Of course, on the sidebar of this blog, are links to electronic resources which make their papers /articles available for free. This is a good thing. It promotes wider and faster dissemination of results. I'll briefly describe each of these below.

Australasian Journal of Logic: This is managed by the philosophy department at The University of Melbourne and is edited by Greg Restall. It is fully refereed and freely available and seeks to cover the breadth of modern pure and applied logic. Currently, the majority of the articles deal with philosophical logic.

ACM Transactions on Computational Logic: This is obviously put out by the Association for Computing Machinery. As such, its focus is predominantly computational. However, given the nature of the subject, many articles should be of interest to philosophical logicians as well. For instance, both proof theory and modal logic have philosophical and computational branches. While the concerns of each area are often quite distinct, one gets a fuller picture of the area by "seeing how the other half lives". The articles here are usually of a rather technical nature.

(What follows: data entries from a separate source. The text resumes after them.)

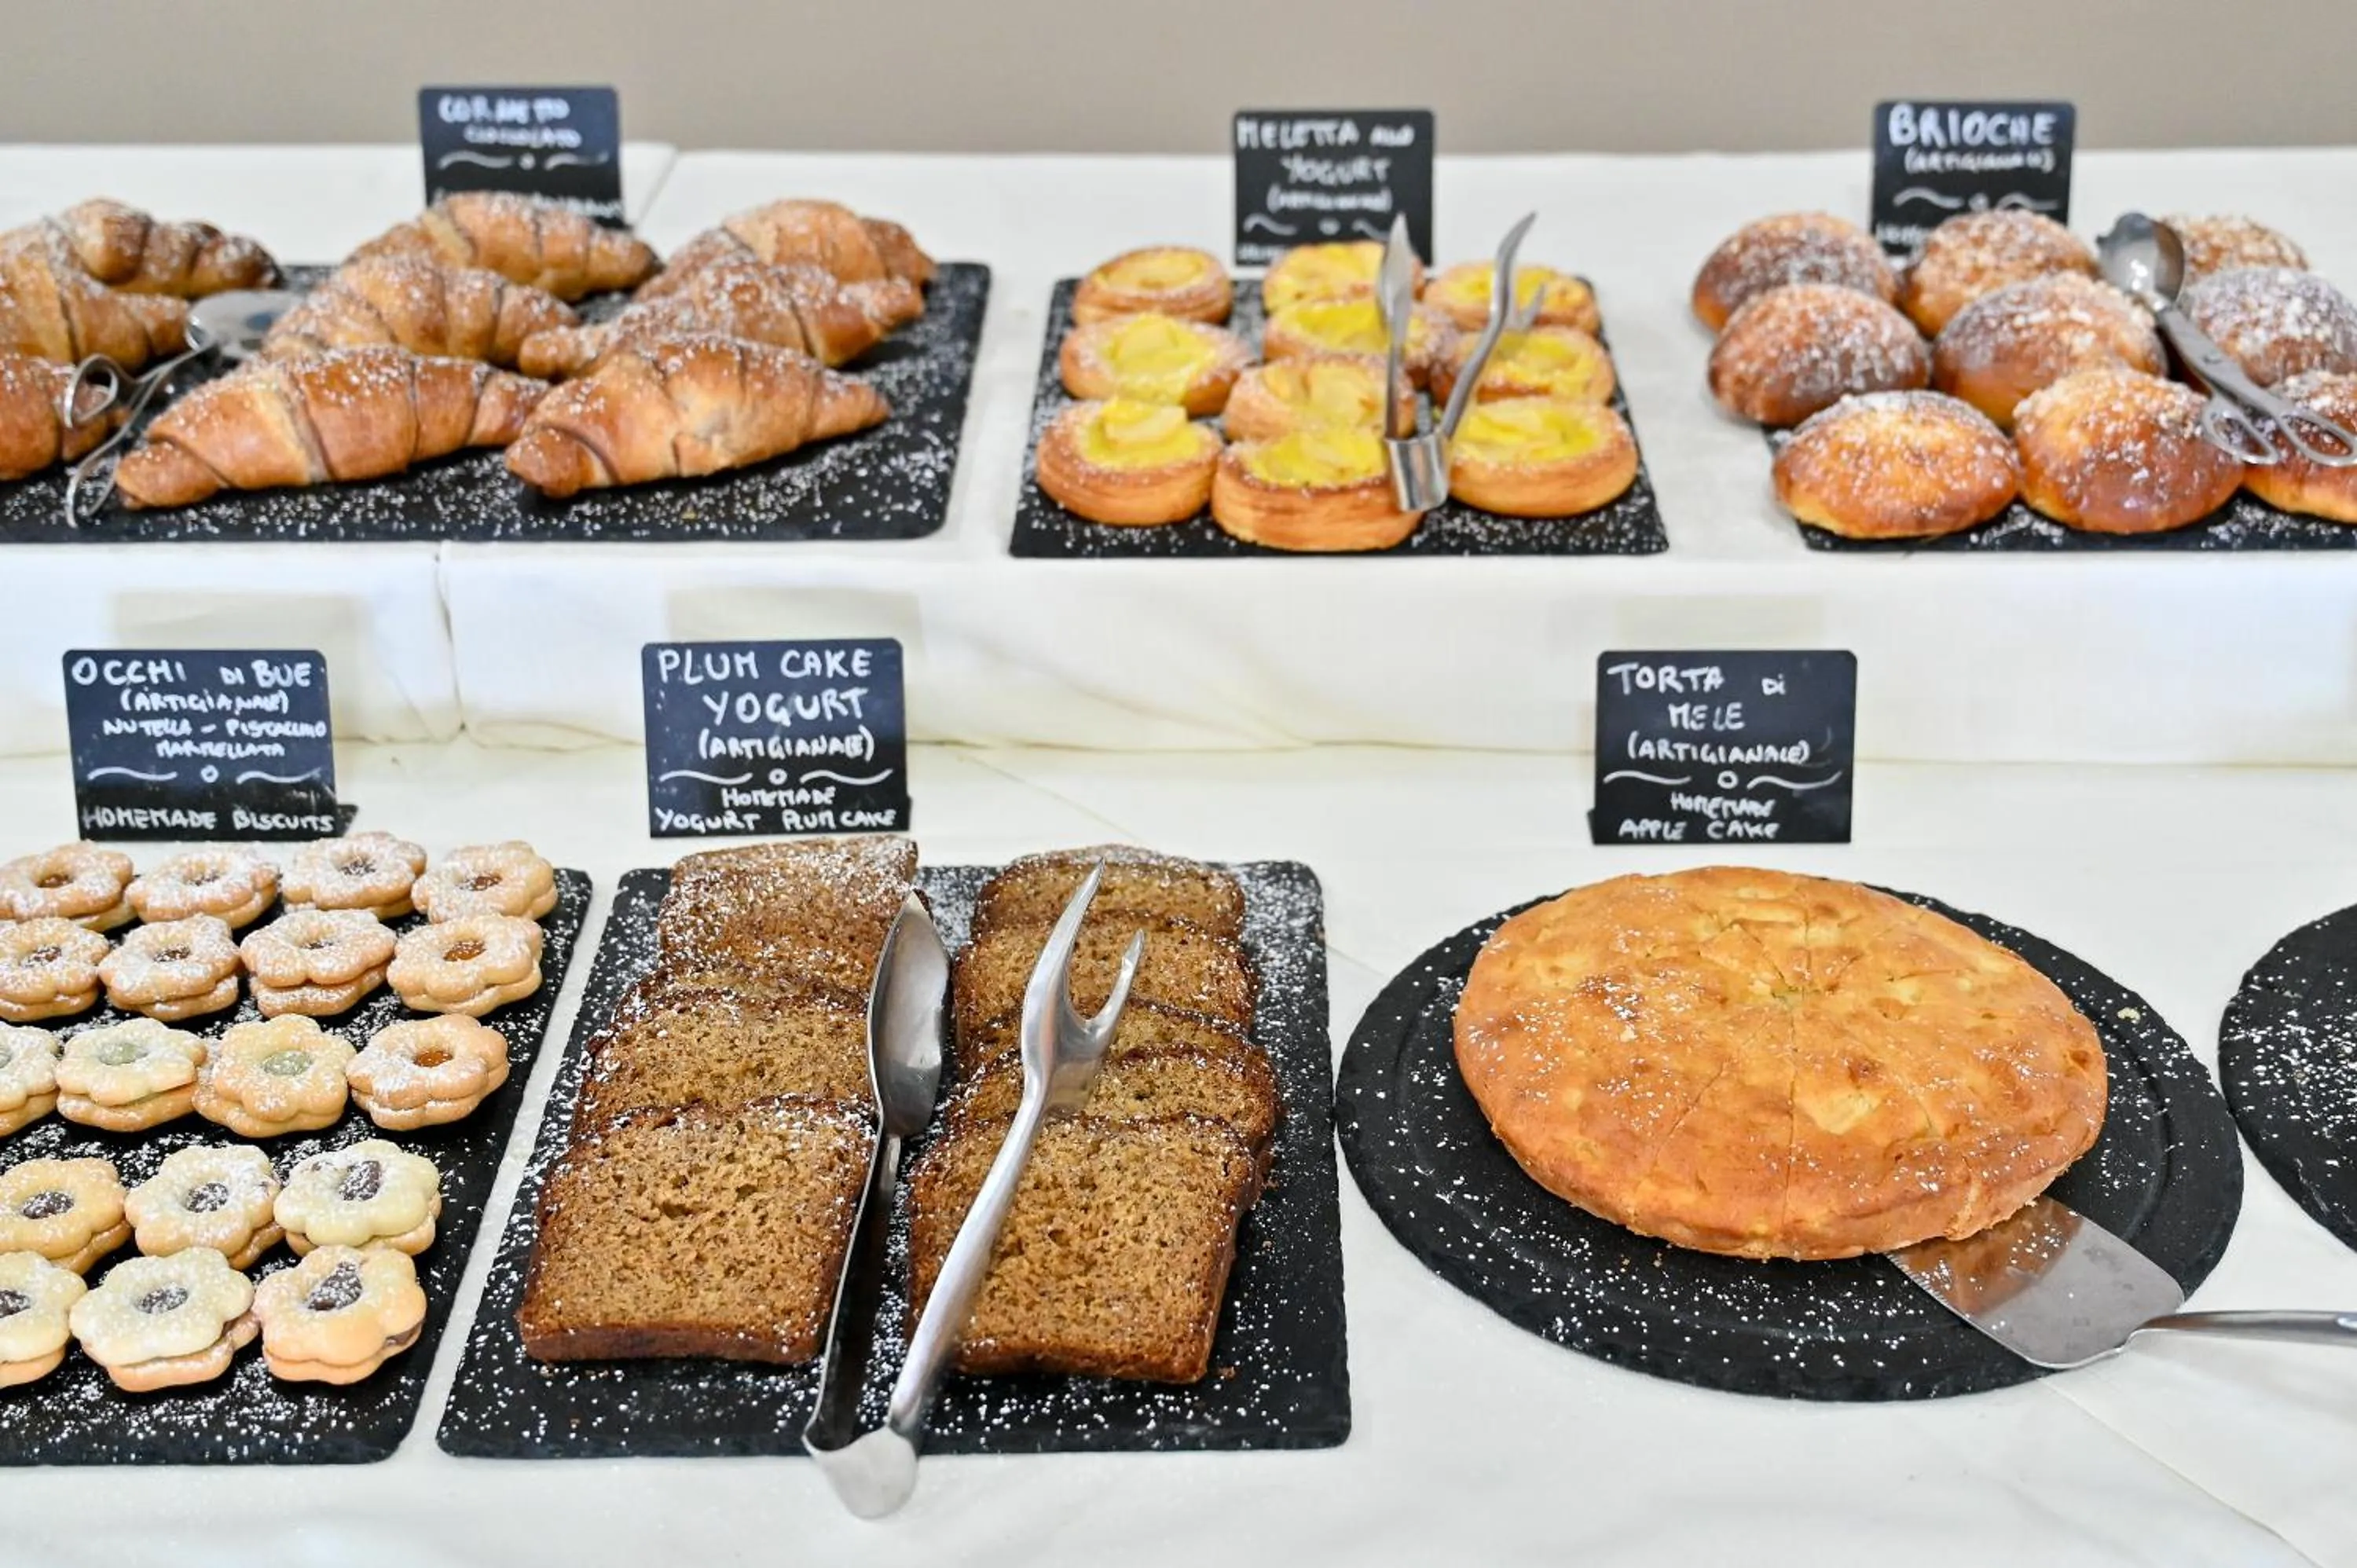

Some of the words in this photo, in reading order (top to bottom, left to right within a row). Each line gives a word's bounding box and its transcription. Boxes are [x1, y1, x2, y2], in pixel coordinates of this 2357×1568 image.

[1889, 102, 2057, 148] BRIOCHE
[1279, 152, 1392, 186] YOGURT
[71, 657, 187, 686] OCCHI
[219, 666, 246, 685] DI
[251, 659, 312, 688] BUE
[658, 649, 759, 685] PLUM
[780, 649, 874, 679] CAKE
[1607, 662, 1725, 695] TORTA
[702, 687, 868, 727] YOGURT
[1668, 702, 1746, 731] MELE
[102, 718, 192, 736] NUTELLA
[155, 741, 286, 760] MARMELLATA
[698, 724, 875, 763] (ARTIGIANALE)
[1628, 730, 1810, 765] (ARTIGIANALE)
[81, 803, 218, 830] HOMEMADE
[232, 805, 335, 832] BISCUITS
[654, 806, 762, 834] YOGURT
[839, 808, 898, 828] CAKE
[1618, 819, 1688, 841] APPLE
[1706, 819, 1780, 839] CAKE

Bulletin of Symbolic Logic: This is put out quarterly by the Association for Symbolic Logic. It contains many helpful book and article reviews as well as many good expository papers. It is well worth browsing through the archives. While you are at it, why not join the association? As well as your very own print version of the bulletin, you recieve the Journal of Symbolic Logic and significantly reduced subscription rates for the Journal of Philosophical Logic. If you are a student, they also provide some funding support for attending ASL affiliated conferences.

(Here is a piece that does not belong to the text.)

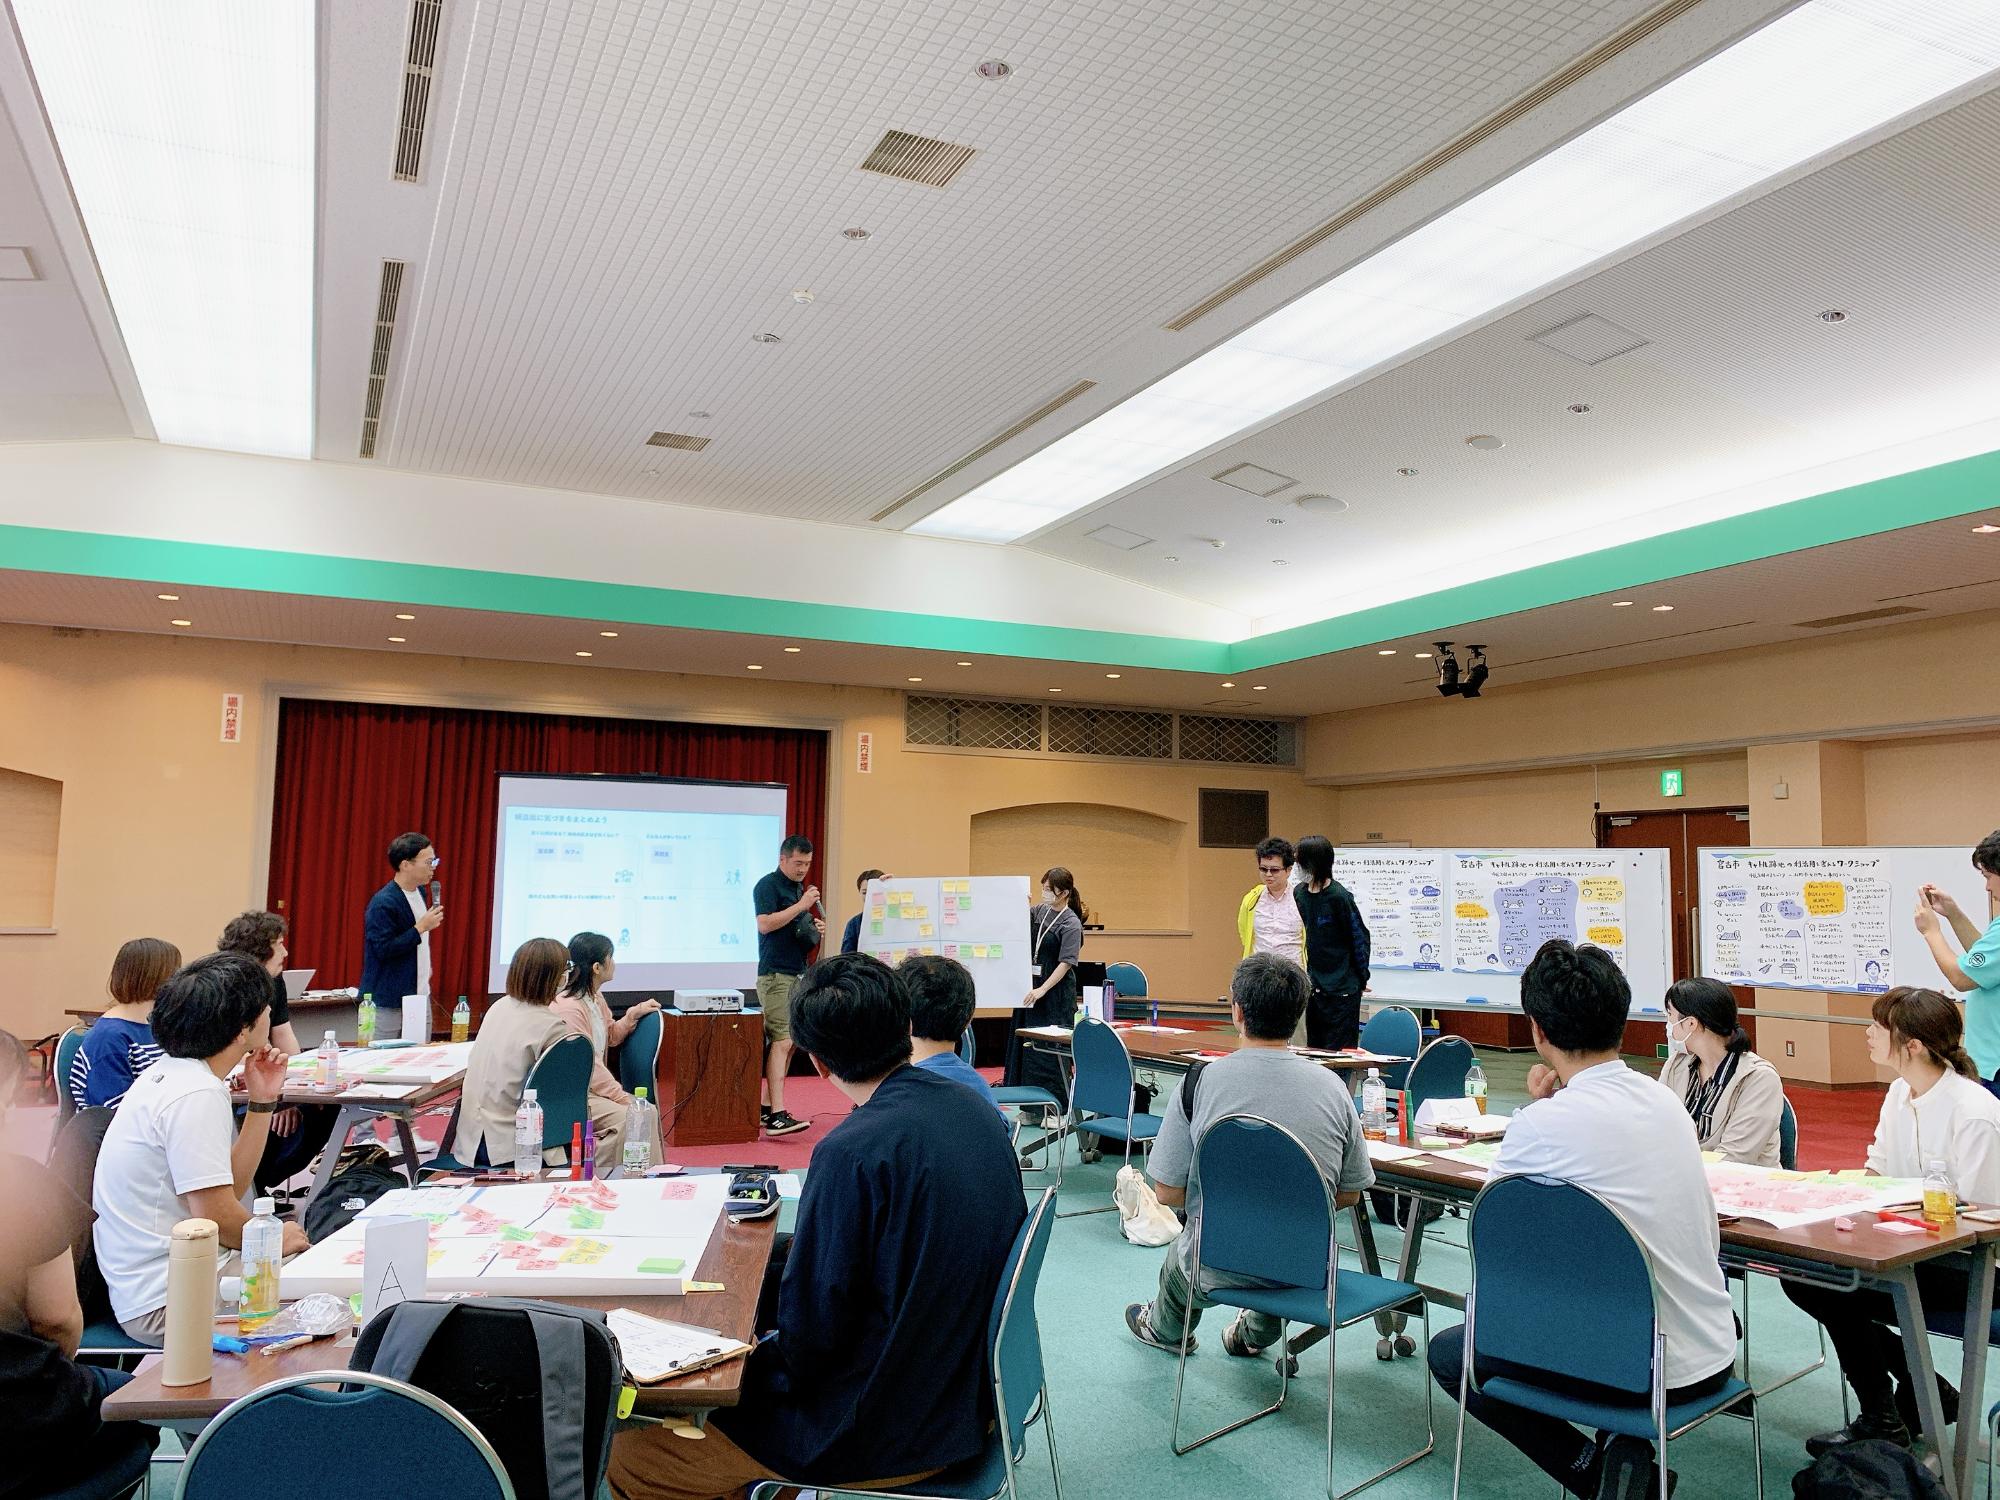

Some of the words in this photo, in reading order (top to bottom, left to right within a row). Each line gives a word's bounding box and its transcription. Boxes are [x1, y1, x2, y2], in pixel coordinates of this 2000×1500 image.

[1717, 859, 1740, 870] 宮古市
[375, 1260, 407, 1311] A

arXiv.org: This is a major preprint server. By sending an email to math@arxiv.org with the body 'add LO' (without the quotes), you can receive updates on mathematical logic related preprints daily to your email address. By sending a message with the same body to cs@arxiv.org, you can sign up for computational logic as well.

The European Association for Theoretical Computer Science publishes a quarterly bulletin. It contains many interesting columns. For computational logicians, the logic in computer science, formal specification, computational complexity and formal language theory columns often contain interesting nuggets. You do need to pay an annual membership fee, but the bulletin is more than worth it (often running to a few hundred pages!). The sister publication, published by the ACM, is the Special Interest Group on Algorithms and Computation Theory News. It has recently rekindled its logic in computer science column. The two organisations currently have a reciprocal arrangement, whereby you receive a discount if you join both. Oh and if, like me, you live outside of Europe and/or the US, it is well worth spending the little bit extra for airmail.

An interesting quirk with the above publications is something that Richard Zach has mentioned in his blog. That is, Europeans seem to be a lot keener on logic than Americans. That is, American theoretical computer science tends to be very combinatorial, whereas its European counterpart is often a lot more logical. One certainly gets this impression when reading both publications.

Finally, there is a very good free online magazine devoted to philosophical logic and its applications: PhiNews.